What constitutes a “Dispute” under the IBC as per the Supreme Court?

ibc-cases-nikhil-mehta-and-sons-vs-amr-infrastructure-limited

Status as on- 11/07/2021

Case- Mobilox Innovations Private Ltd vs Kirusa Software Private Ltd on 21 September, 2017

(Supreme Court Judgment dated 21st of September, 2017 in CIVIL APPEAL NO. 9405 OF 2017)

Brief Facts of the case

  1. Kirusa served Mobilox with a demand notice as an Operational Creditor under the Code, demanding payment of certain dues. Mobilox responded to the demand notice (“Mobilox Reply”), stating that there are certain serious and bona fide disputes between the parties and alleging Kirusa breached the terms of a non-disclosure agreement. Kirusa petitioned the National Company Law Tribunal, Mumbai (“NCLT”) for the initiation of the corporate insolvency resolution process (“CIRP”) against Mobilox under Section 9 of the Code (“Application”). The NCLT dismissed this, ruling that Mobilox had issued a valid notice of dispute under the Code’s definition of an “existing dispute.”
  2. NCLAT: Kirusa then filed an appeal against the NCLT’s order, claiming that the operational creditor’s mere disagreement with the demand notice does not constitute a valid ground for application rejection under Section 9 of the ‘I & B Code.’ The Appellate Tribunal was asked to clarify the meaning of “dispute” and “existence of dispute” for the purposes of applying under Section 9 of the Insolvency and Bankruptcy Code. Section 8 specifies the requirements that must be met prior to filing an application under Section 9 of the ‘I & B Code.’ According to Section 8 (2) of the I & B Code, once the operational creditor serves the demand notice on the corporate debtor, the corporate debtor must notify the creditor of the debt payment or dispute, if any, within 10 days of receiving the notice.
  1. Section 9 establishes the right to file an application for the initiation of a corporate insolvency resolution process after 10 days from the date of demand notice delivery.

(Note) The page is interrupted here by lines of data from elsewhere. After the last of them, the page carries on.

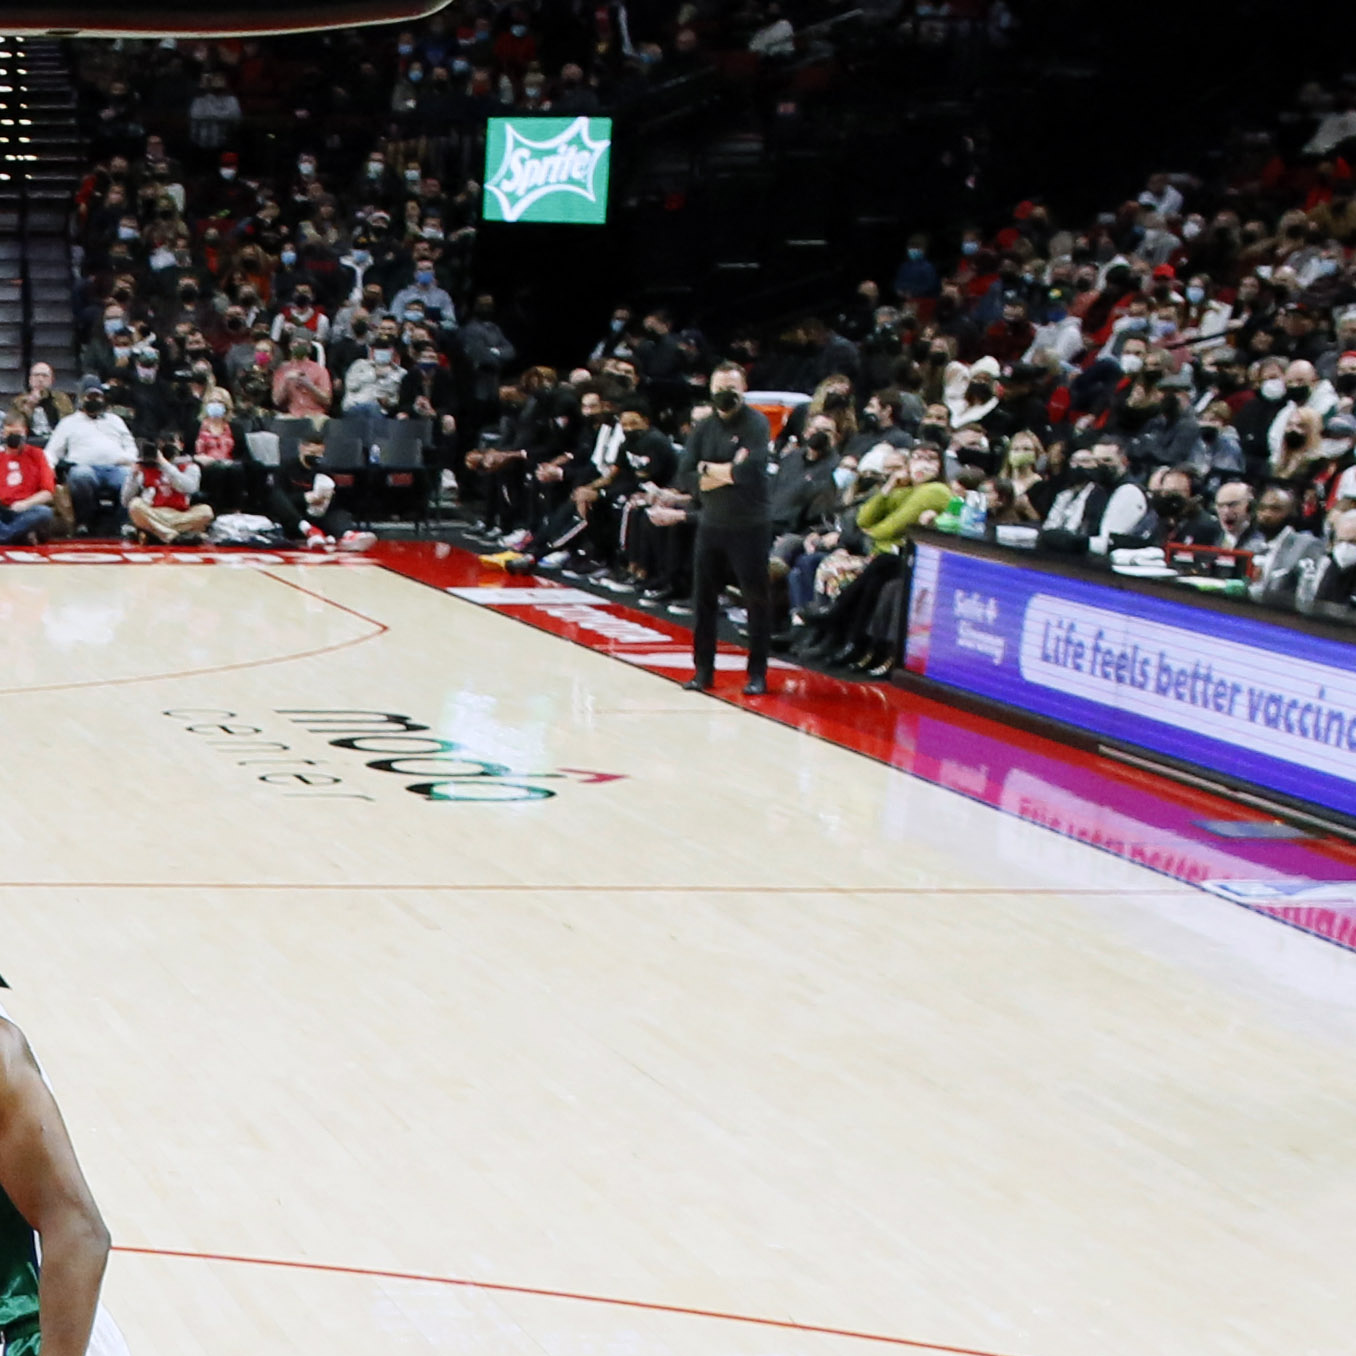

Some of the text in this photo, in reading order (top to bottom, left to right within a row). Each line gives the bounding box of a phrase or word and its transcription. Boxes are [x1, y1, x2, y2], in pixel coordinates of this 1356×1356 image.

[501, 142, 591, 196] Sprite
[1042, 618, 1085, 673] Life
[1090, 629, 1151, 690] feels
[1154, 651, 1241, 716] better
[162, 707, 375, 803] center

The NCLAT granted Kirusa’s appeal on the grounds that Mobilox’s response to the Demand Notice did not fall within the purview of Sections 8(2) and 5(6) of the Insolvency and Bankruptcy Code. It stated that Mobilox’s defense was ambiguous and motivated because the debt demanded had nothing to do with the non-disclosure agreement. Furthermore, the NCLAT emphasized the interpretation of “dispute,” stating that a dispute would not be limited to only arbitration proceedings or suits, but would include any proceedings.

Held

The Hon’ble Supreme Court ruled as follows:

  1. The Supreme Court considered questions raised about the Code’s application to debts owed to operational creditors, as well as what constitutes a “dispute” that entitles the debtor company to have the Adjudicating Authority reject the application.
  2. The Supreme Court granted Mobilox’s appeal while interpreting the phrase “existence of a dispute” under Section 8(2) (a) of the Insolvency and Bankruptcy Code. The Hon’ble Supreme Court held that the breach of the NDA was sufficient to construe the existence of a dispute and invalidate the operational creditor’s CIRP application.
  3. Section 8 (2) (a) interpretation: “The word “and” in Section 8 (2) (a) should be read as “or.” According to the previous interpretation, the Code states that a dispute between an operational creditor and a corporate debtor is only valid if a suit or arbitration proceeding is filed prior to the receipt of demand notice. The Supreme Court determined that such an agreement would cause “great hardship” because the corporate debtor would be able to avoid bankruptcy if a dispute was already pending in a suit or arbitration proceedings “.. The Hon’ble Supreme Court made an important point in stating that if the “and” mentioned in Section 8(2)(a) is not read as “or,” such persons will be excluded from the ambit of Section 8 (2) and application of CIRP will be easy, which was not the legislature’s intent.
  4. Previously Existing Dispute: The Supreme Court ruled that the existence of the dispute, suit, or arbitration proceeding must be “pre-existing,” that is, it must exist prior to receipt of the Demand Notice.
  5. Plausible Contention Test: In deciding the case, the Supreme Court examined the background of the IB Code. According to the Insolvency and Bankruptcy Bill 2015, a “dispute” is defined as “a genuine suit or arbitration proceedings.” However, when the Bill was passed, the term “dispute” was removed from Section 5 (6) of the definition. The Supreme Court emphasized that previous jurisprudence regarding the definition “dispute” does not apply to the current IB code. Instead, the Supreme Court established a new “plausible contention” test to determine the “existence of dispute.”
  6. Questions for the Adjudicating Authority to consider when reviewing any application under Section 9 of the I &B Code:
    • Is there an “operational debt” of more than one lakh rupees?
    • Whether the documentary evidence submitted with the application demonstrates that the debt is due and payable and has not yet been paid?
    • Is there a dispute between the parties or any record of the pendency of a suit or arbitration proceeding filed prior to the receipt of the Demand Notice?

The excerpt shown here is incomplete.